I’ve been told I don’t look sick


But I was never told that it was ok to share my story, until I went to college and found a few people I could be truly vulnerable with.



Chapter 6. How this affects me mentally.

You never really get used to a pain like the one that lingers with severe endometriosis, but other people get used to it for you. When they hear about it the first time there’s a little bit of sympathy, but it shortly becomes the norm. It’s easy for people to forget, and I don’t blame them because I do a pretty stellar job at masking the pain and sickness.


It’s so hard to fully be there in the moment. I can’t ignore the fact that my entire body is consumed with pain every second of every day, and that gives me the disadvantage of not being able to live life to the fullest.


I’ve really struggled with making and keeping friends due to being so mysteriously ill, canceling last minute because of severe flare-ups, and just being a bore because my body is so weak.

The truth is, I think we all long to be understood in whatever trials we are facing. I know I do. It’s lonely suffering in silence, and its really hard to break that silence when people have already seen you laugh or dance or do something cool. Once you give people the impression that you’re a normal person and you’re doing just fine, there’s no escaping that, and it’s really hard for them to envision your pain. I think everyone can relate to this on some level.



Right now, I am a freshman at Belmont University, my dream college.

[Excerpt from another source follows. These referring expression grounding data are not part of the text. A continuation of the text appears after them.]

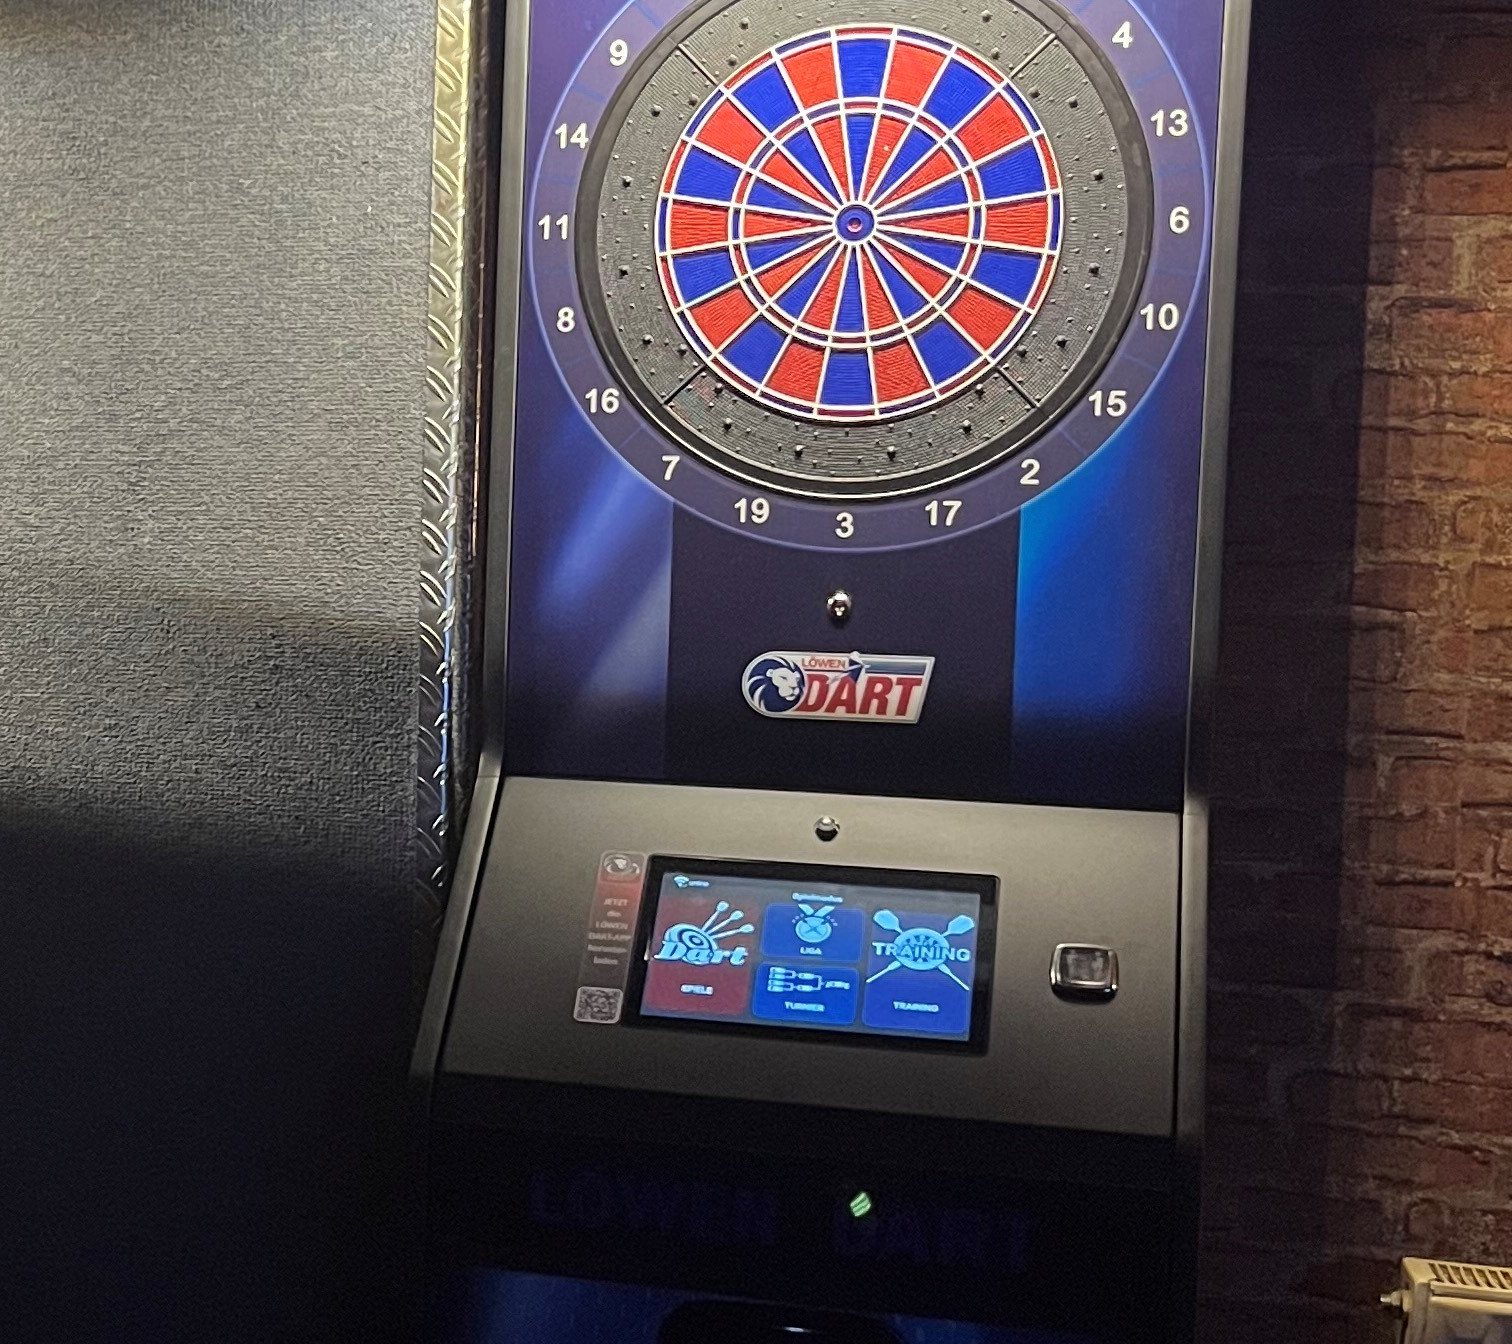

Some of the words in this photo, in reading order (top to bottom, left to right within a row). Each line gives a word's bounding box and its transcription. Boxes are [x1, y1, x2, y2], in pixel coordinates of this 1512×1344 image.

[1111, 20, 1134, 49] 4
[609, 38, 629, 67] 9
[554, 122, 590, 149] 14
[1150, 108, 1189, 137] 13
[538, 214, 569, 240] 11
[1169, 206, 1190, 234] 6
[556, 306, 576, 333] 8
[1140, 302, 1180, 331] 10
[585, 387, 620, 414] 16
[1088, 390, 1127, 417] 15
[661, 455, 681, 481] 7
[1019, 458, 1040, 486] 2
[734, 497, 770, 524] 19
[924, 500, 963, 526] 17
[835, 511, 854, 538] 3
[800, 656, 847, 669] LÖWEN
[795, 673, 923, 716] DART
[654, 939, 750, 967] Dart
[872, 941, 972, 962] TRAINING

Despite not looking sick enough to have disability accommodations, I have priority scheduling, which allows me to balance my schedule and pace myself a little differently than a normal student. I have my own room to limit my exposure to other people, noises, germs, and other various things that trigger or make my illness more difficult.


On my beautiful campus with my beautiful mother


It has been a blessing and a curse to move to a new town where no one knows anything about my medical problems. I am meeting tons of people, but it’s challenging not being able to explain certain things about myself. My first semester was brutal in terms of my social life. When I was not in class, I was in my room by myself. Most weekends, I would stay in my room from Thursday night to Monday afternoon when I had class. I felt like everyone was making friends and doing cool things and I was sitting in bed praying that my ovaries don’t fall off and wondering who would be there for me if they did.

If you take anything away from my story, let it be this:


There is a lot of invisibility in this world. Invisible illnesses, and other things that people may be going through that our eyes don’t see are more common than we want to believe. Please stop judging people for medical (physical or mental) issues that seem small. That kid that missed a month of school for “the flu” in 8th grade might actually be fighting a bigger battle.


Also, in a time where we are promoting a positive outward body image, especially for young girls, let’s consider the inside parts of your body as well. It’s time to stop shaming girls for wearing tank tops and shorts, but it’s also time to stop shaming them from speaking out about endometriosis.

And that is why my story needs to be shared. And talked about. And celebrated. I am done suffering in silence, and I am ready to take off the mask.